Measurements of contact erosion, or interrupter wear cannot be made directly, but it can be done conveniently by indirect methods using Measurement of current and arcing time. The interrupted current can be measured using conventional instrumentation, such as current transformers, which are generally available in circuit breaker as a standard component. The arcing time can be determined by optical detection of the arc, by measurement of the arc voltage, or simply by estimating the point of contact separation using the information given by the contact travel transducer and the duration of current flow from this time until it is interrupted.

The product of the current and elapsed time from contact separation to current extinction gives a parameter to which the interrupter wear can be related.

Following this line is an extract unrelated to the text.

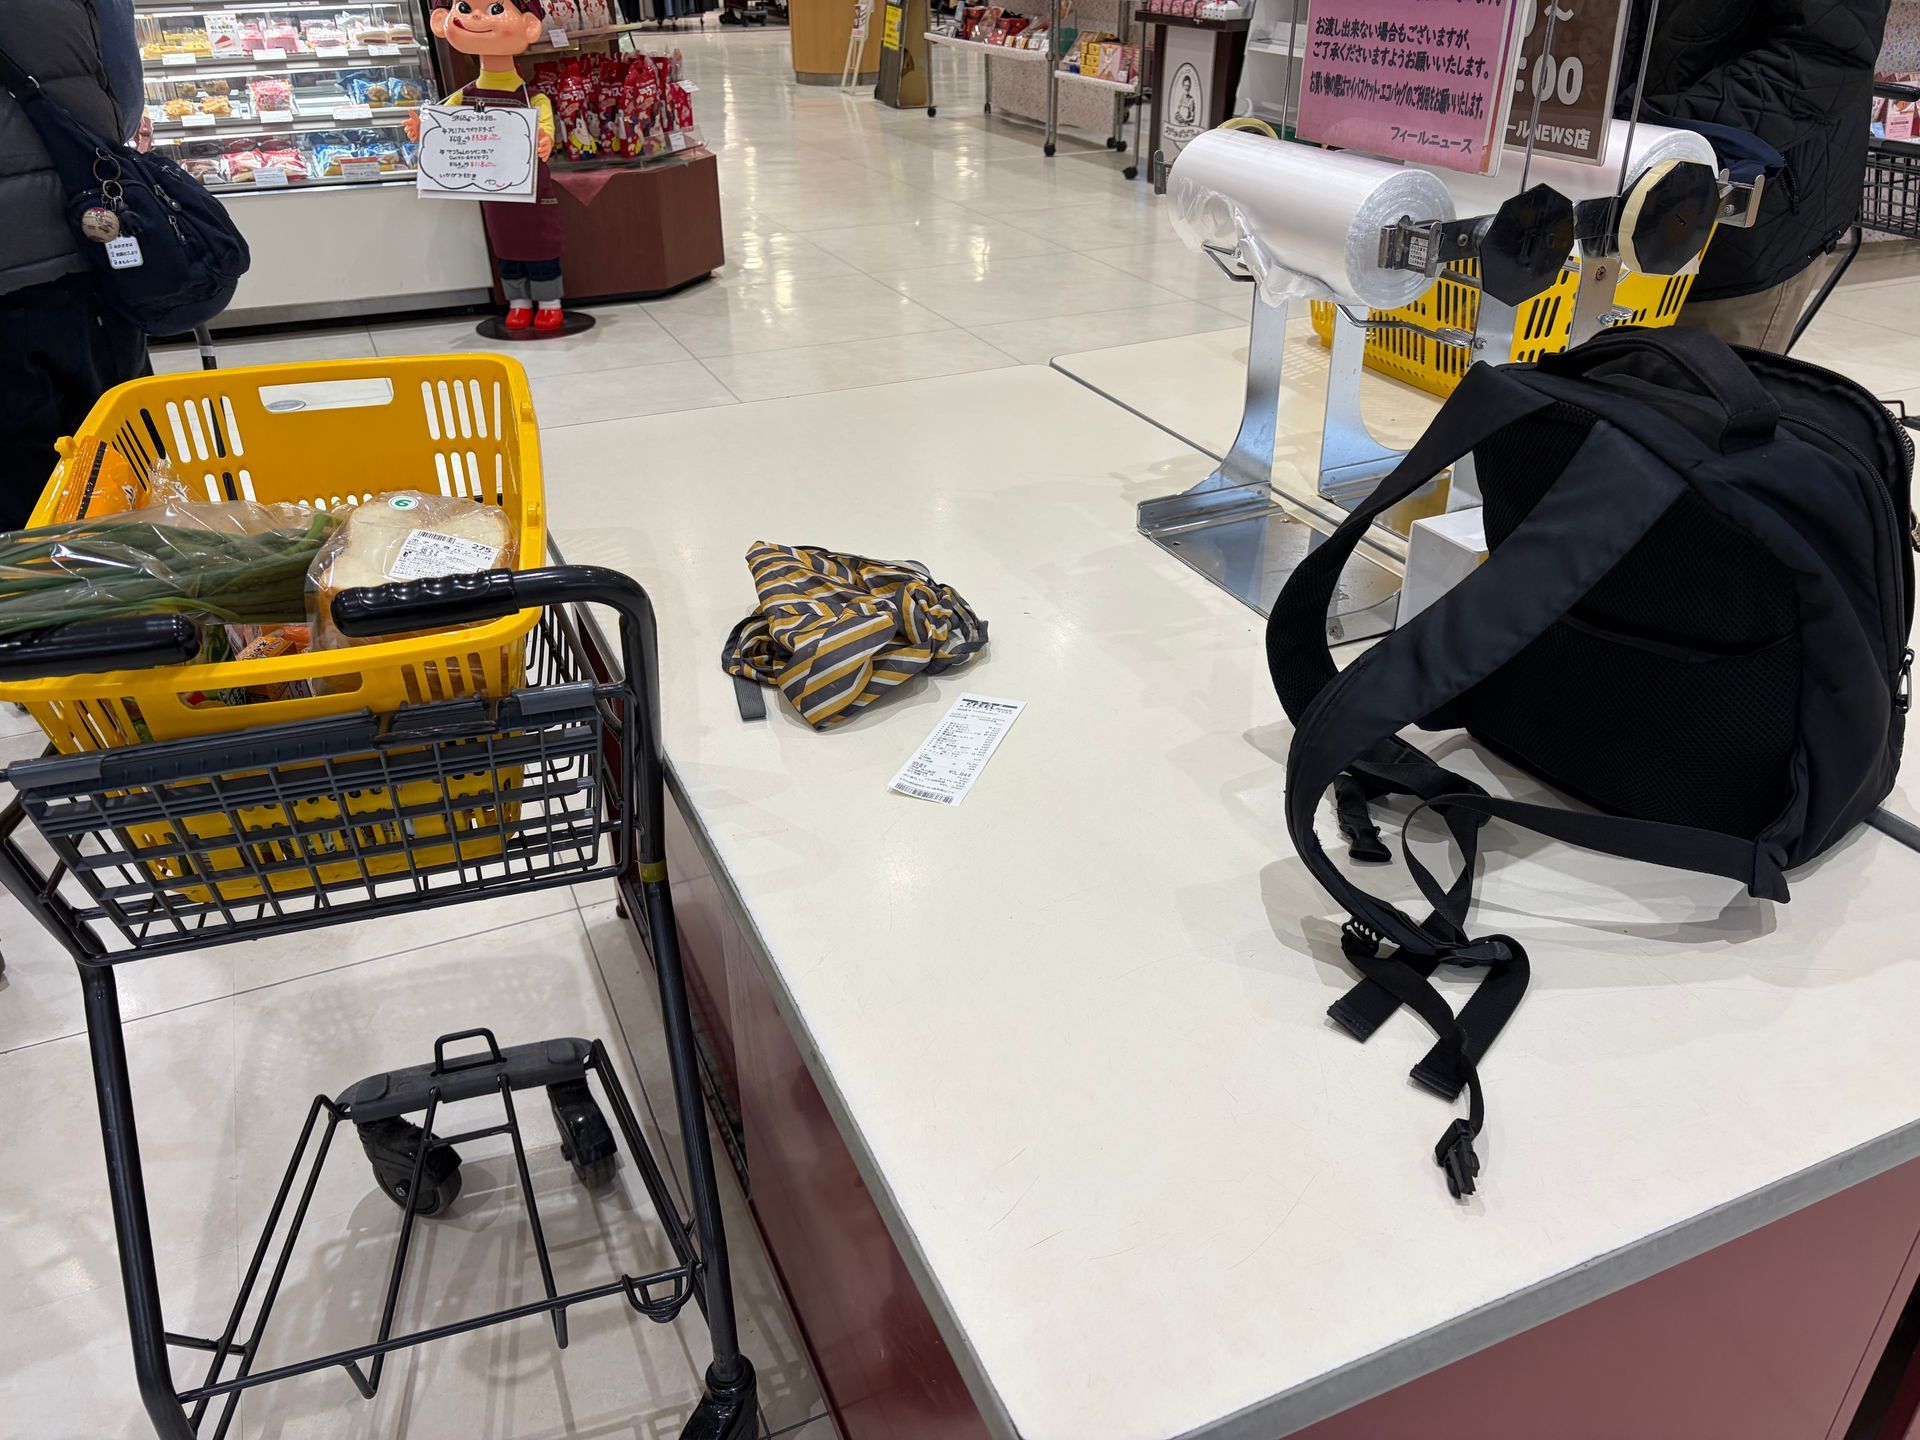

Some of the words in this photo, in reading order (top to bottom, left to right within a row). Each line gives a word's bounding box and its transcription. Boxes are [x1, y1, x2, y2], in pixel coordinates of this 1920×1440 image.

It is assumed that sufficient data has been collected during development tests relating contact erosion and nozzle ablation to ampere seconds of arcing, and therefore by keeping track of the accumulated ampere seconds an adequate appraisal of the interrupter condition can be made.

Gas density

For SF6 circuit breakers gas density rather than gas pressure is the parameter that should be monitored. To do this it is possible to use commercially available temperature compensated pressure switches or alternatively the density may be determined by electronically processing separate pressure and temperature signals. These signals can be combined by an algorithm representing the well-known equation of state for the gas. Any deviation from a constant density line will indicate that there is a gas leak in the system and unless a massive catastrophic failure occurs, slow leaks can be alarmed and protective action can be implemented. The selection of the corresponding constant density line depends on the initial filling conditions of the circuit breaker.